Data records:

______________________________

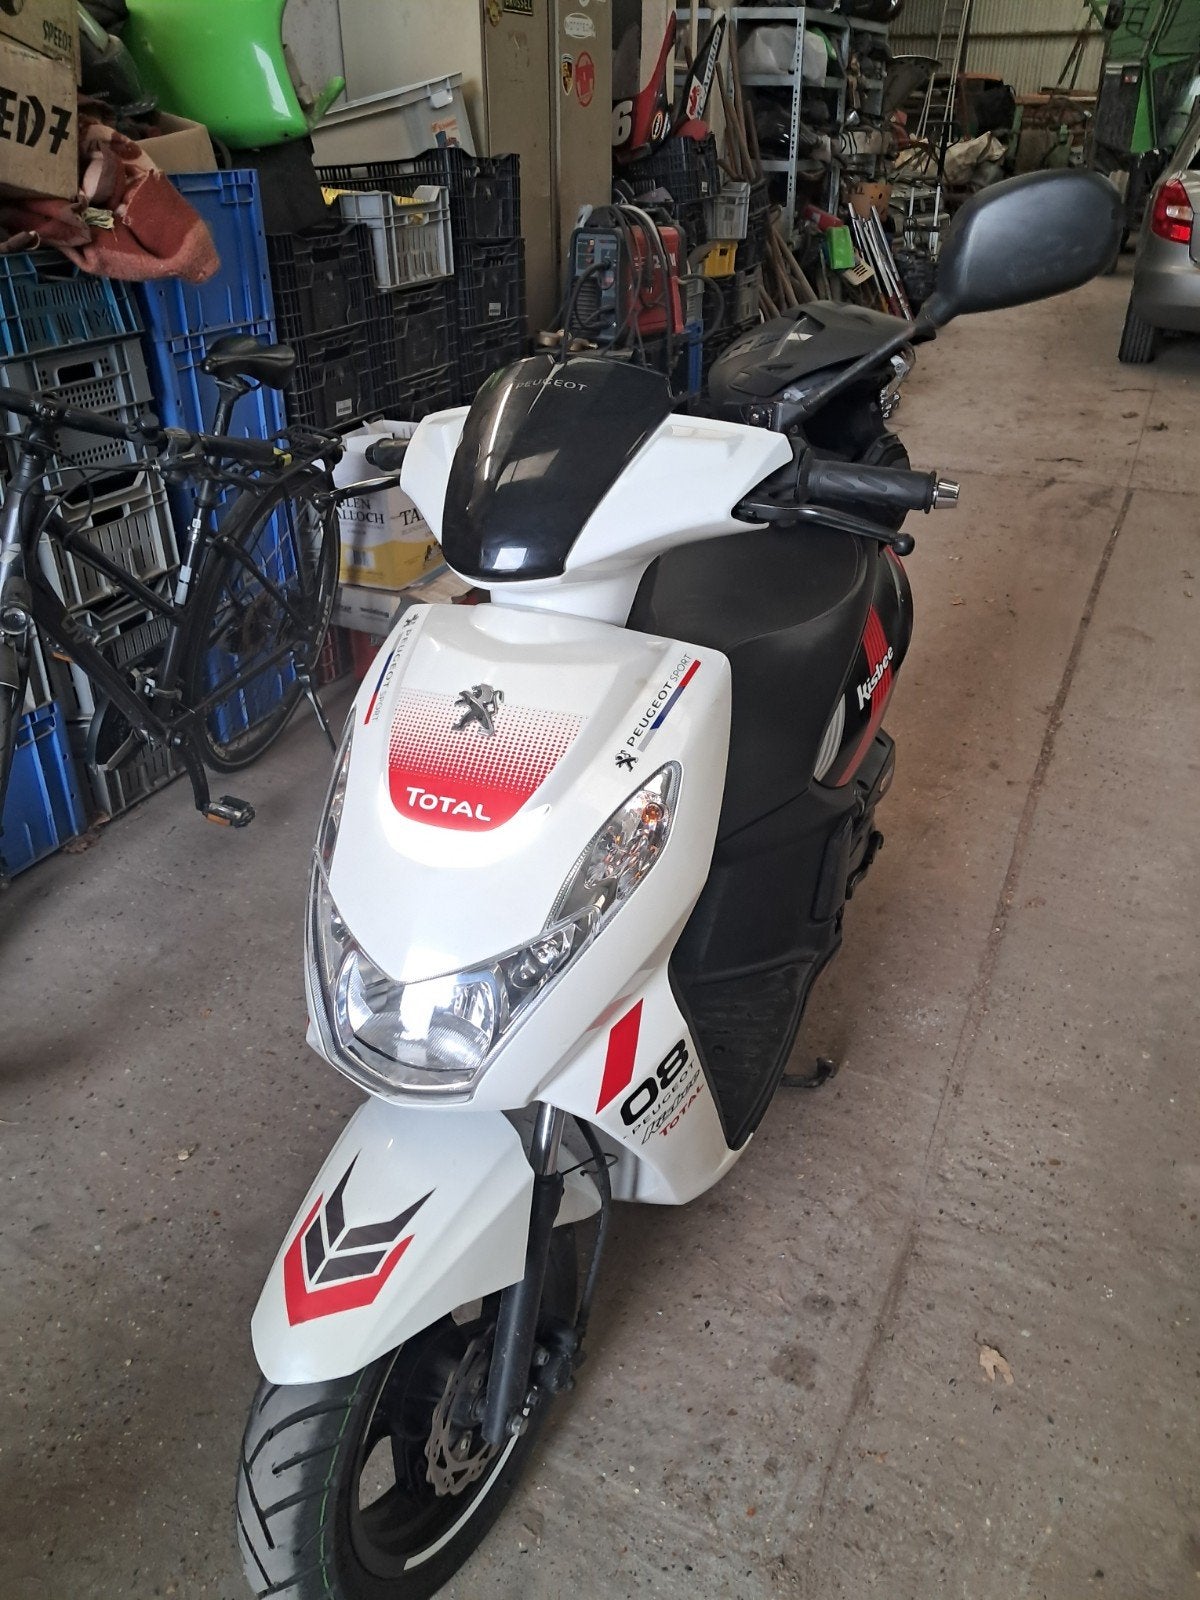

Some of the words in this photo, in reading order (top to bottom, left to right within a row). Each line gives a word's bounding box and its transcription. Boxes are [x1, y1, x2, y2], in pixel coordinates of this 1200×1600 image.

[42, 19, 73, 51] SPEED7
[515, 378, 588, 392] PEUGEOT
[399, 508, 425, 526] TA
[382, 628, 412, 688] PEUGEOT
[856, 646, 894, 711] Kisbee
[626, 681, 673, 747] PEUGEOT
[669, 653, 692, 682] SPORT
[620, 1038, 689, 1126] 08
[632, 1059, 695, 1135] PEUGEOT
[659, 1083, 704, 1136] TOTAL
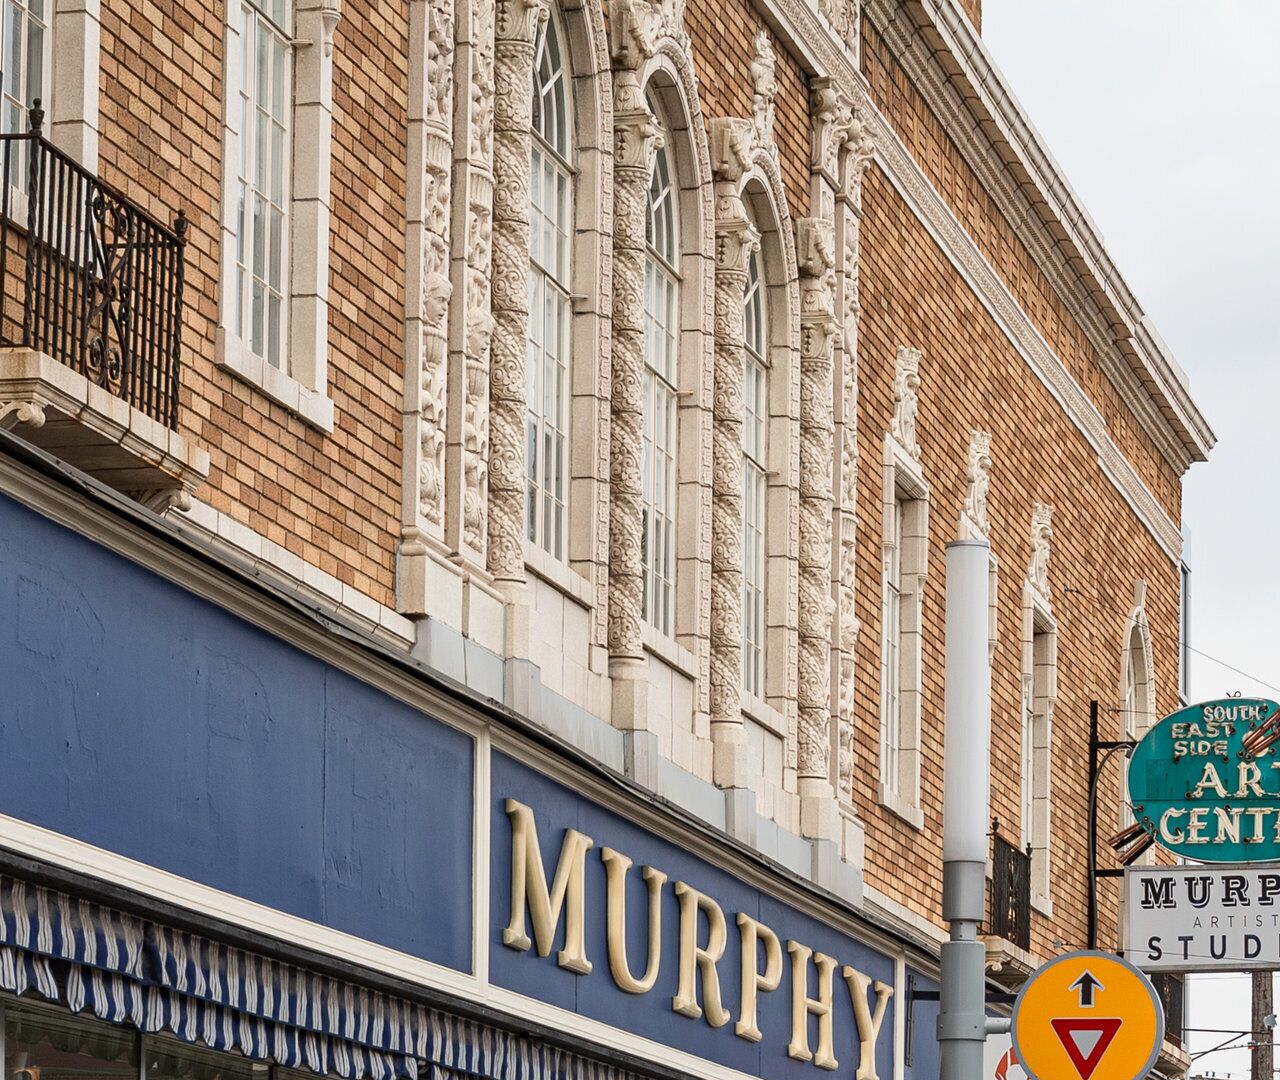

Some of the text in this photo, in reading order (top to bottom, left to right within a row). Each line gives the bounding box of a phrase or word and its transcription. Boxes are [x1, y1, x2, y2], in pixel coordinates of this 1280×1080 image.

[1203, 705, 1262, 723] SOUTH
[1171, 721, 1234, 739] EAST
[1173, 740, 1228, 757] SIDE
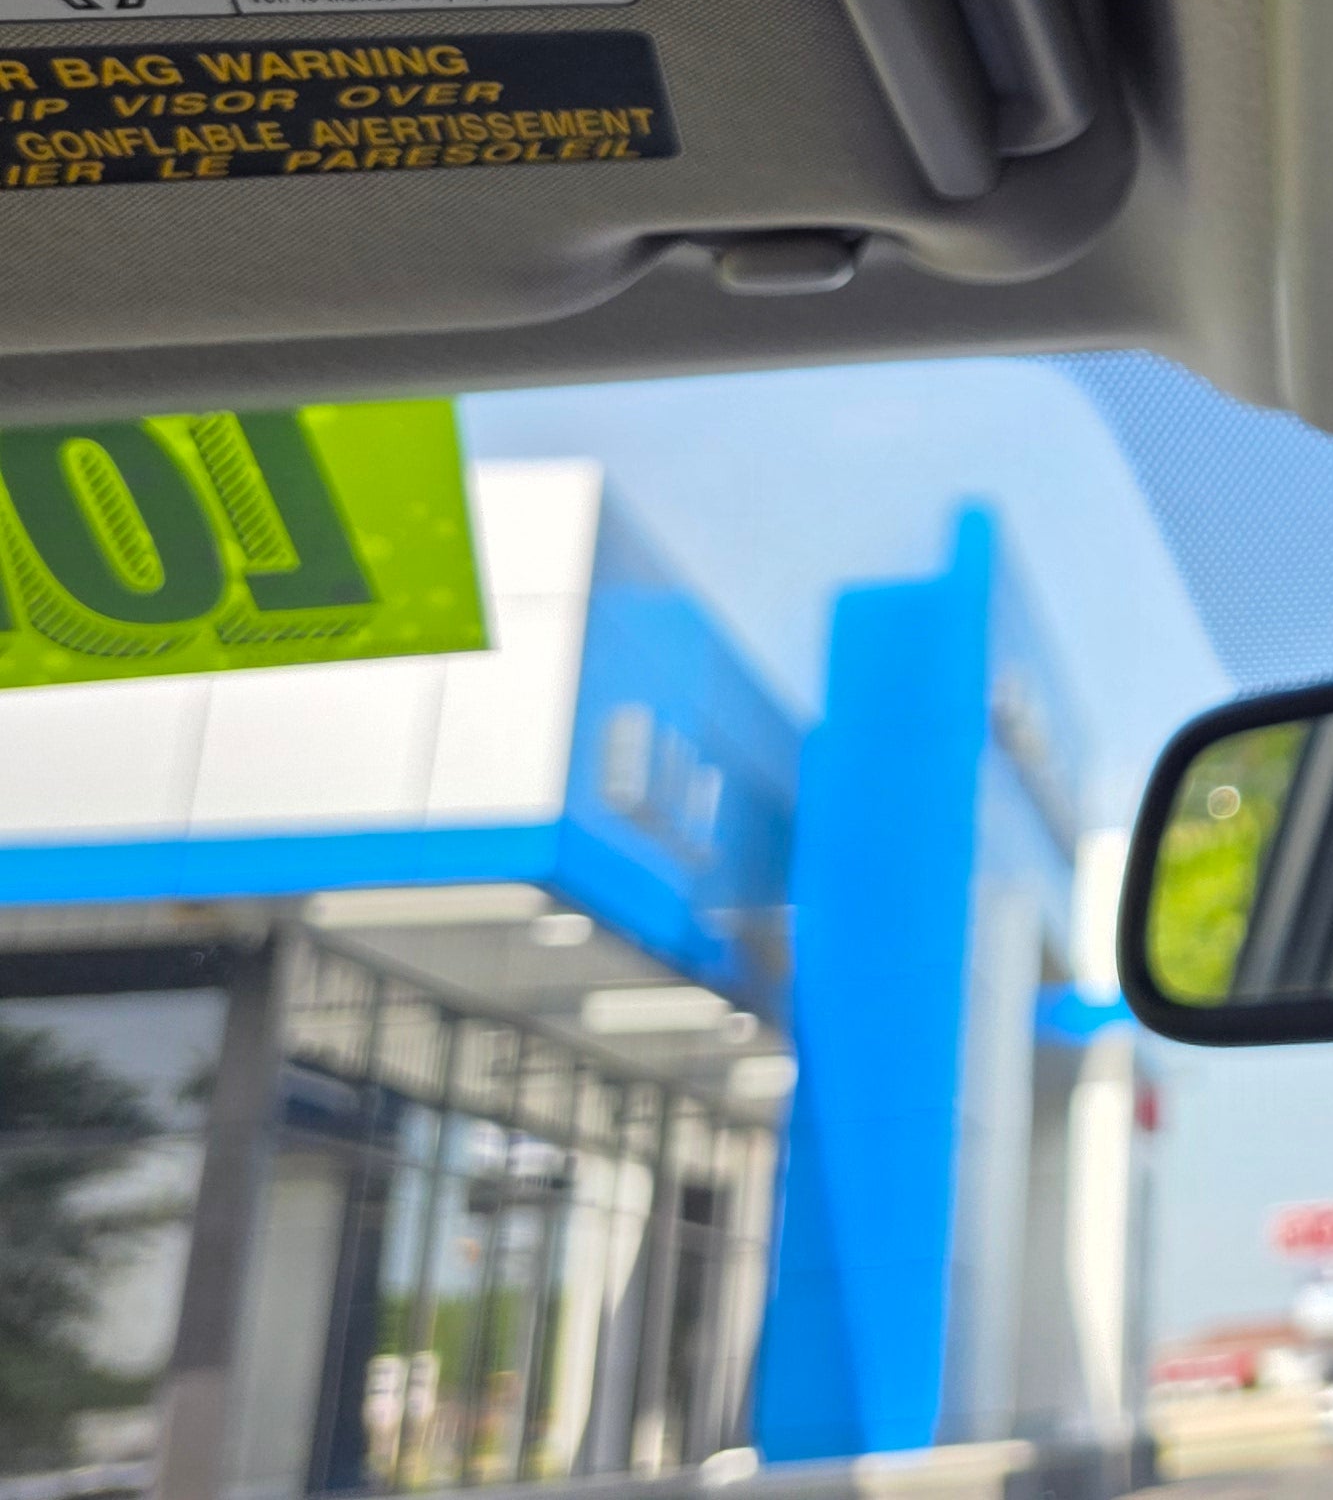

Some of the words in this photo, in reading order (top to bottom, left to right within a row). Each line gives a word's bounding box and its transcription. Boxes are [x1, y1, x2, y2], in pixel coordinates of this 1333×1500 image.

______________________________

Work request:
A verbatim copy of the listing, with all pictures removed, is required.

Response area:
Some of the words in this photo, in reading order (top to bottom, left to right within a row). Each line gives a word's bounding box and its transcription. Boxes are [x1, y1, x2, y2], in pixel coordinates of this 1200×1600 image.

[42, 19, 73, 51] SPEED7
[515, 378, 588, 392] PEUGEOT
[399, 508, 425, 526] TA
[382, 628, 412, 688] PEUGEOT
[856, 646, 894, 711] Kisbee
[626, 681, 673, 747] PEUGEOT
[669, 653, 692, 682] SPORT
[620, 1038, 689, 1126] 08
[632, 1059, 695, 1135] PEUGEOT
[659, 1083, 704, 1136] TOTAL

Some of the text in this photo, in reading order (top to bottom, left to right within a row). Each line gives the bounding box of a phrase or word and its transcription. Boxes are [x1, y1, x2, y2], in pixel coordinates of this 1280×1080 image.

[1203, 705, 1262, 723] SOUTH
[1171, 721, 1234, 739] EAST
[1173, 740, 1228, 757] SIDE

Some of the words in this photo, in reading order (top to bottom, left to right within a row). Each line gives a word's bounding box and its transcription. Boxes are [x1, y1, x2, y2], in pixel coordinates of this 1333×1500 image.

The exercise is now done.